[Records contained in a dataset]
Start of Block
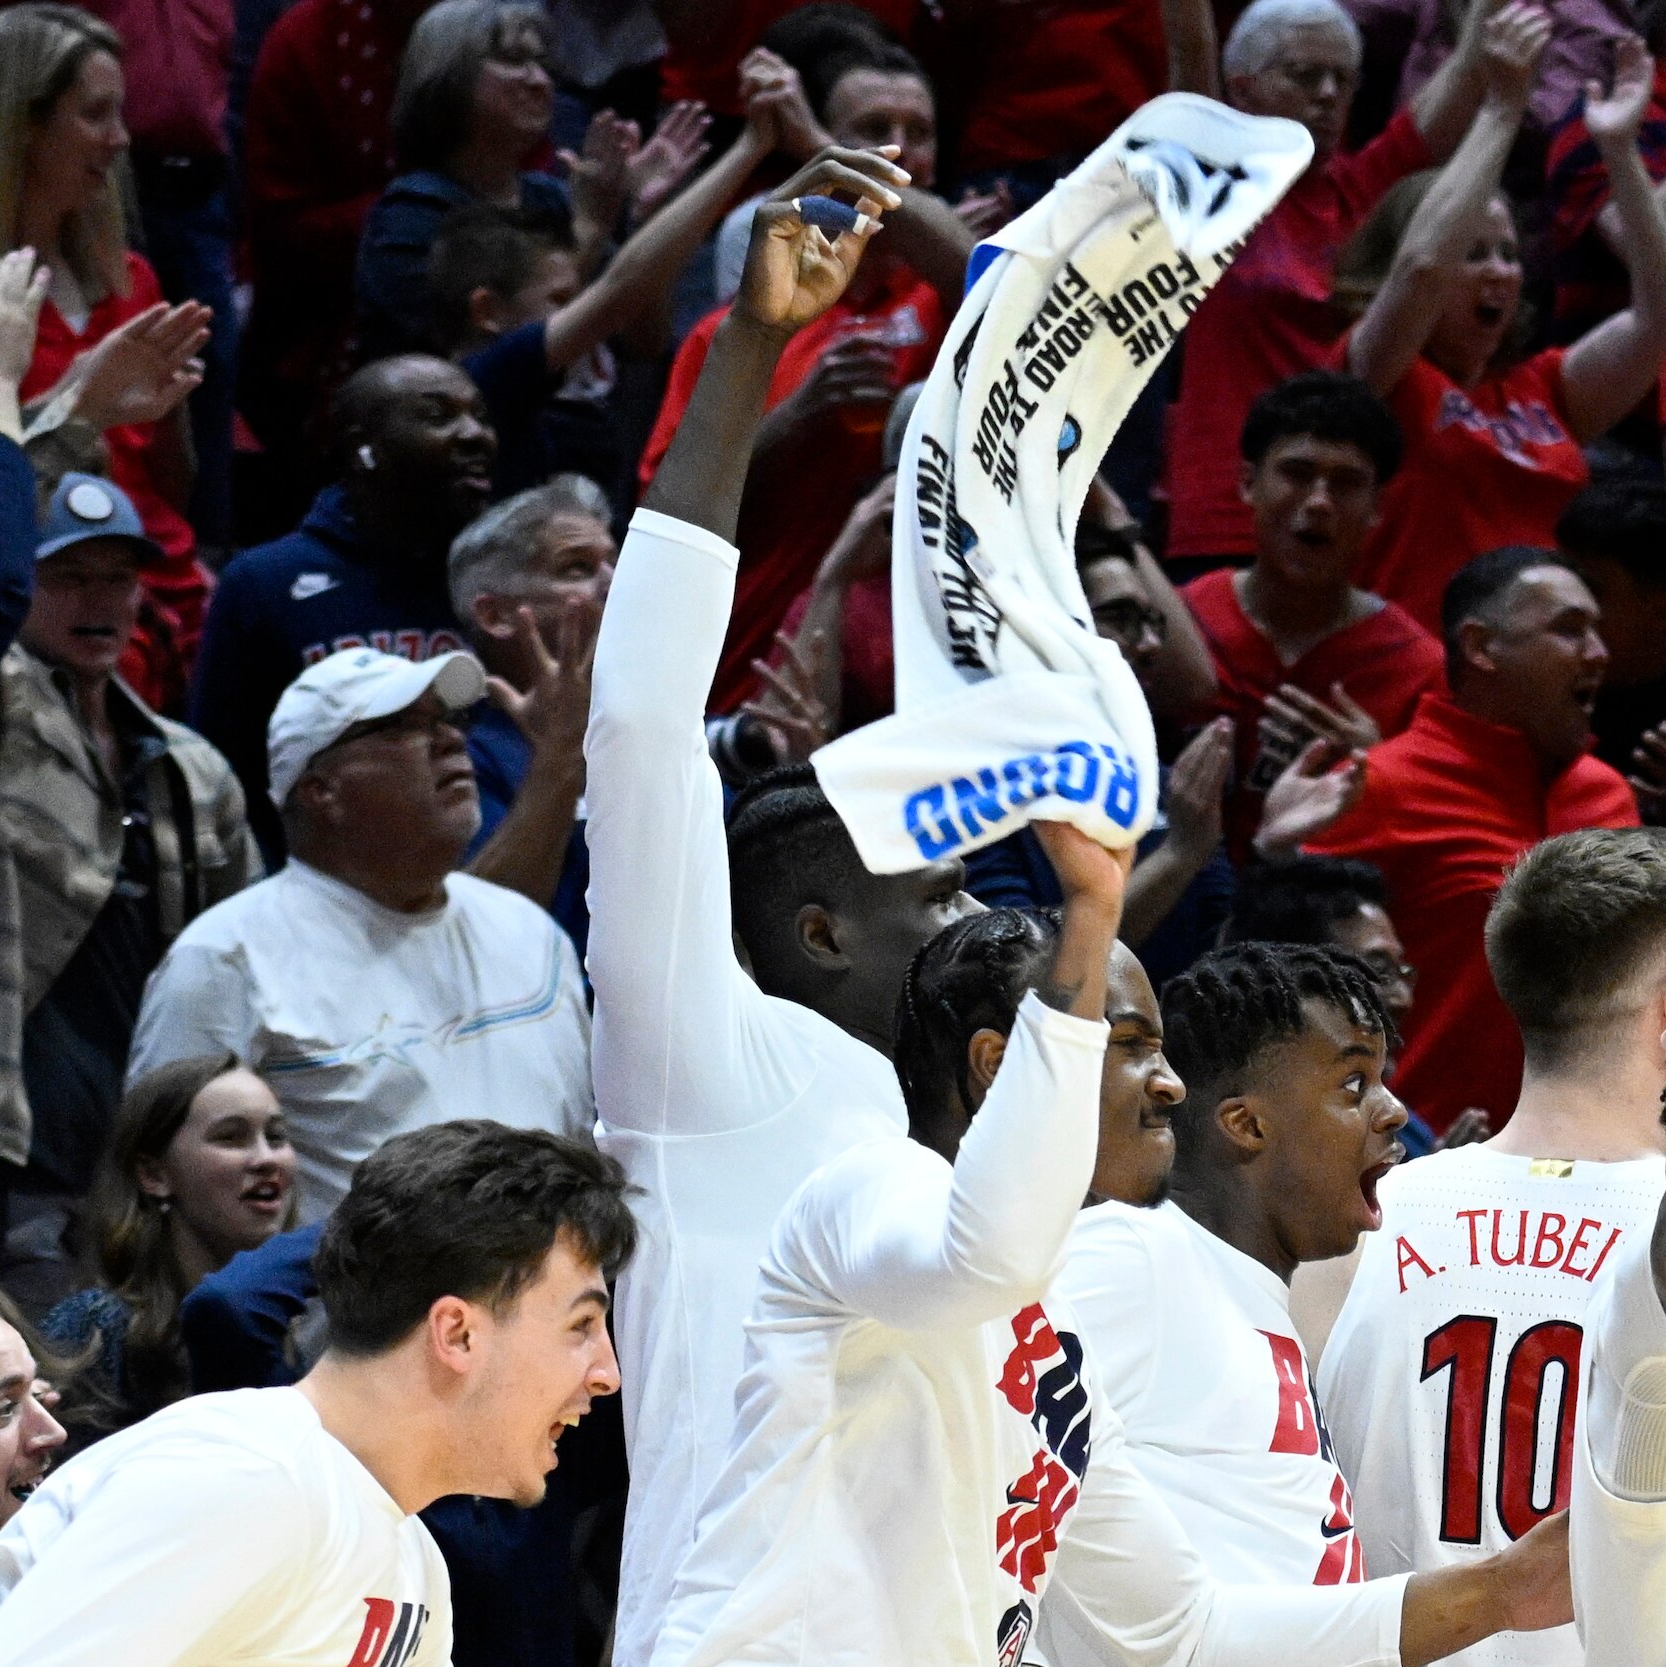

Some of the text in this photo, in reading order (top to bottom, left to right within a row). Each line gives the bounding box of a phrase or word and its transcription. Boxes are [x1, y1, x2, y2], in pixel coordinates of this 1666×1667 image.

[1105, 250, 1202, 338] FOUR
[1023, 304, 1097, 393] ROAD
[1123, 313, 1179, 368] THE
[971, 358, 1025, 477] FOUR
[904, 740, 1141, 862] ROUND
[1396, 1235, 1446, 1294] A.
[1420, 1314, 1583, 1544] 10
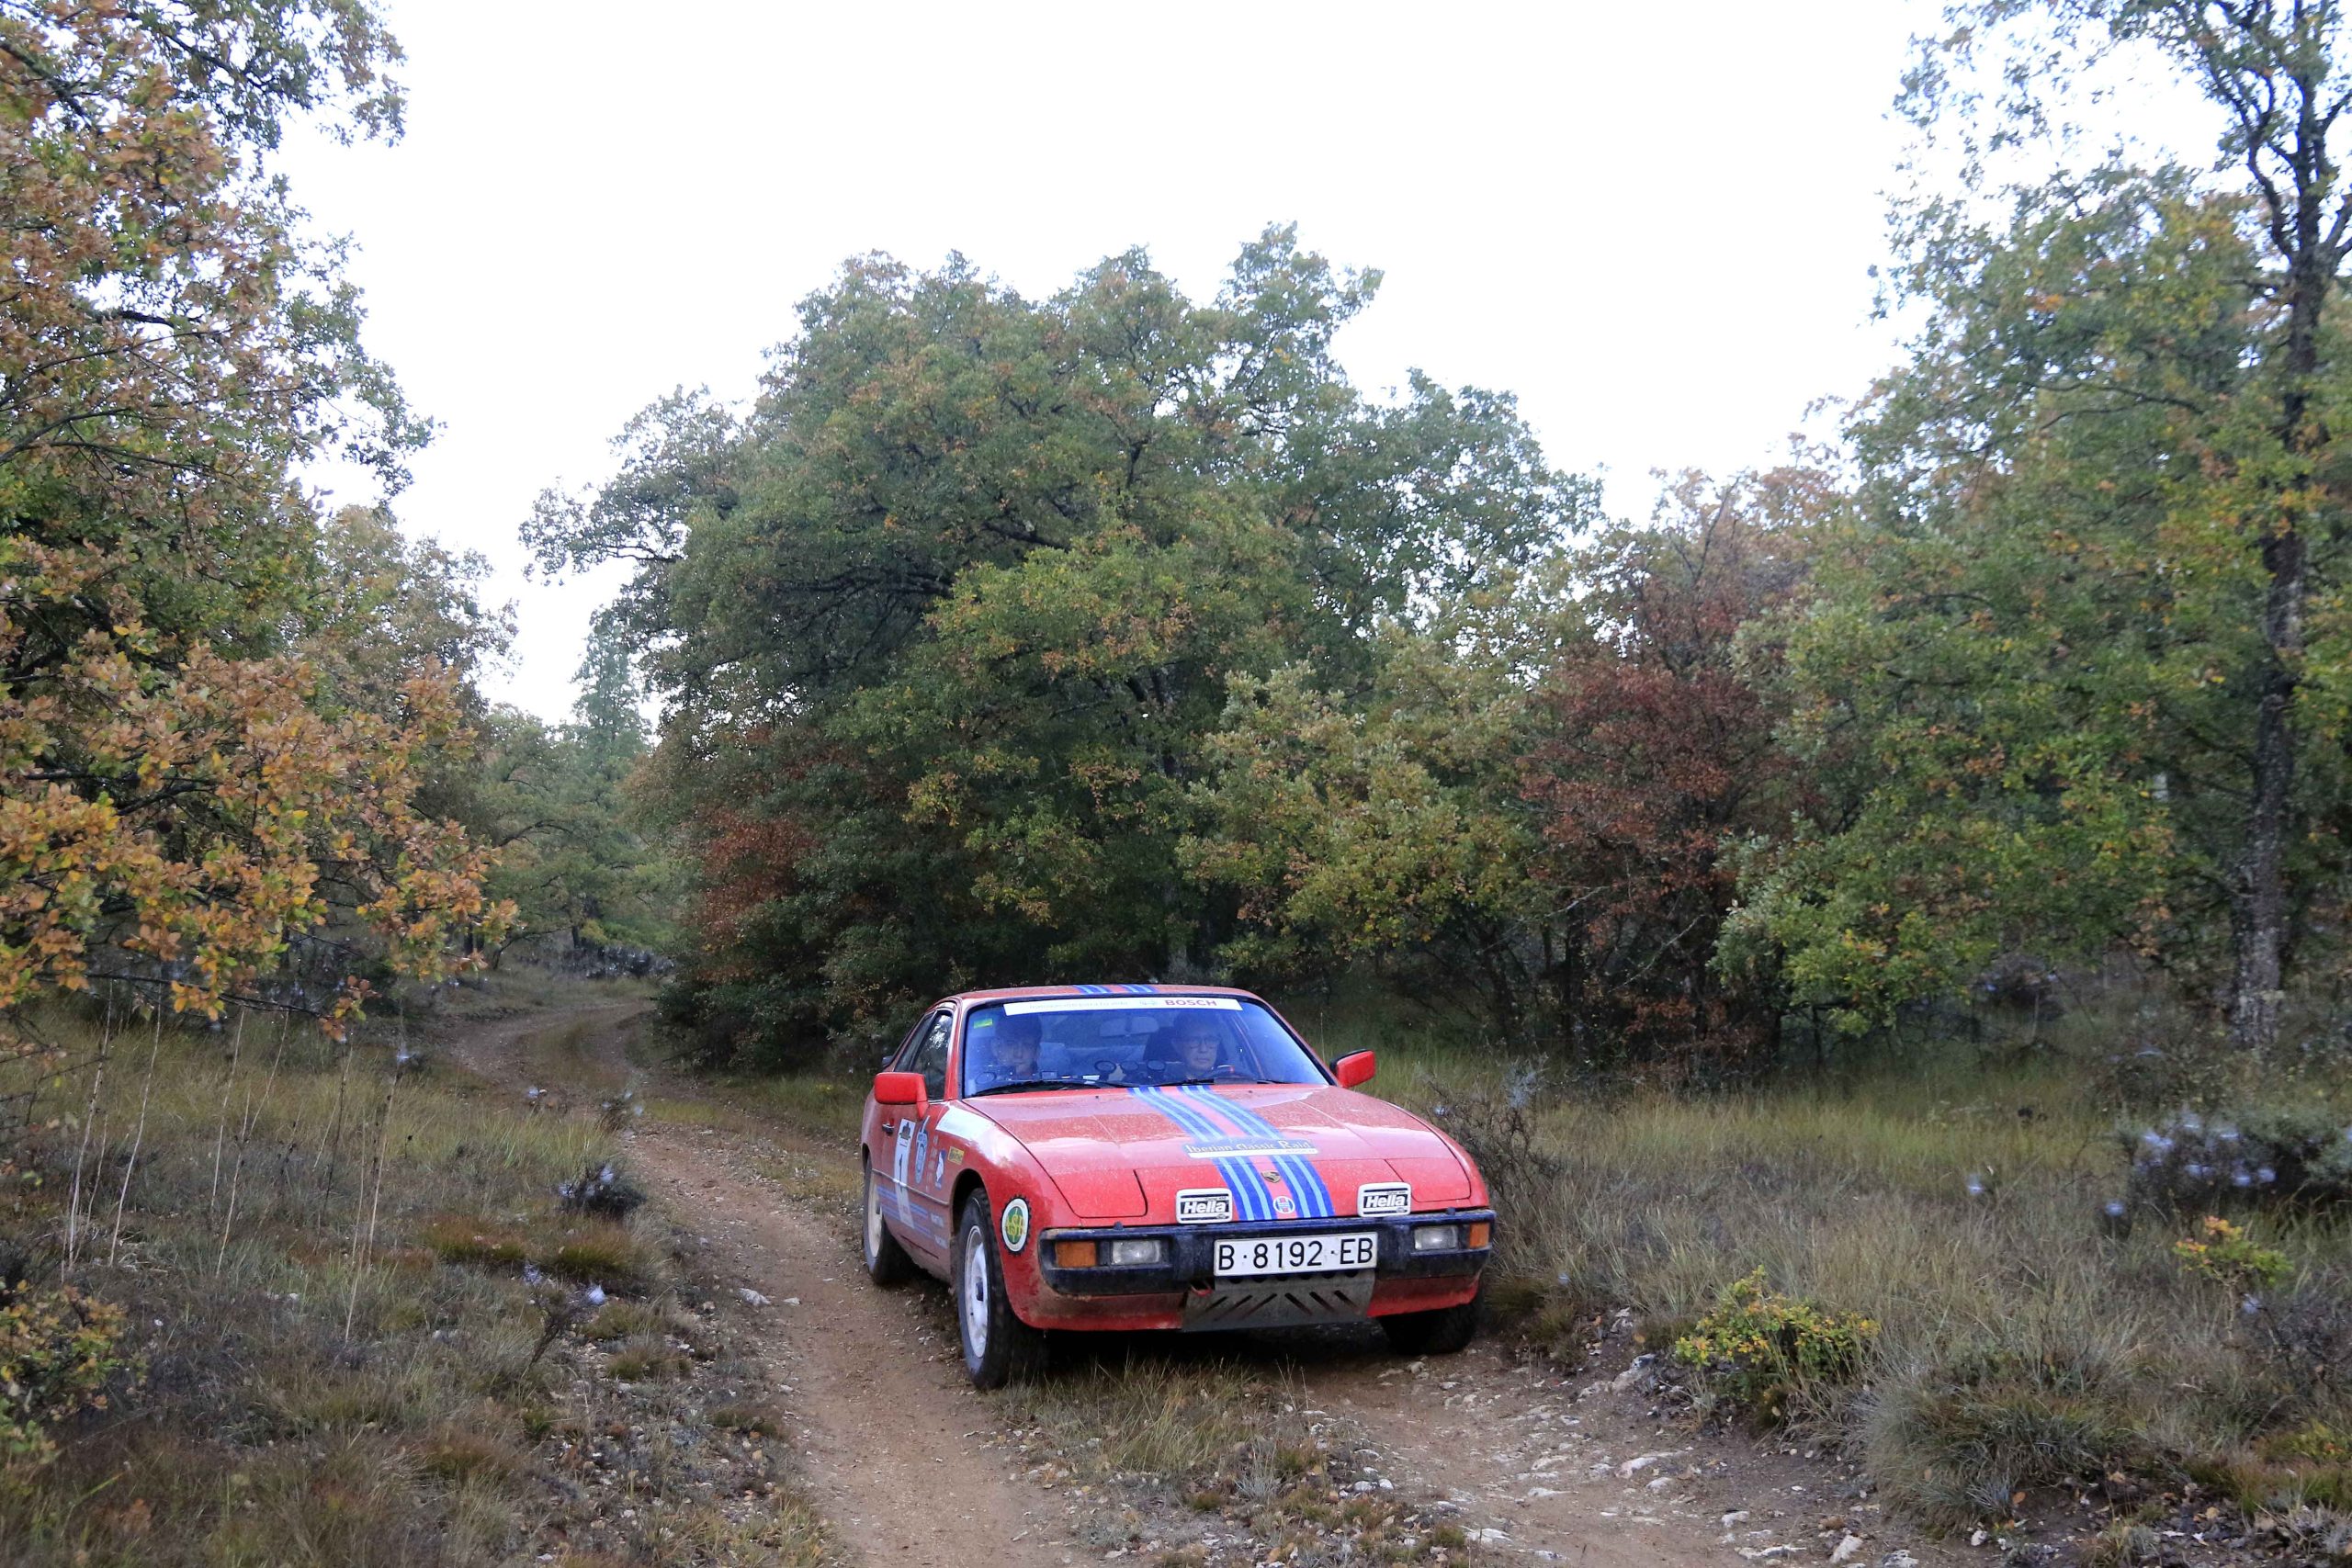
End of Block
Copy out each line of the data exactly as it reads; skip the pictures.

### Written answer
Some of the text in this photo, in reading order (top to bottom, left to right within a row). Each line gives the bounding box of a phrase or word and its transcription. Boxes are [x1, y1, x2, y2], in pixel coordinates of this 1666×1667 image.

[1105, 250, 1202, 338] FOUR
[1023, 304, 1097, 393] ROAD
[1123, 313, 1179, 368] THE
[971, 358, 1025, 477] FOUR
[904, 740, 1141, 862] ROUND
[1396, 1235, 1446, 1294] A.
[1420, 1314, 1583, 1544] 10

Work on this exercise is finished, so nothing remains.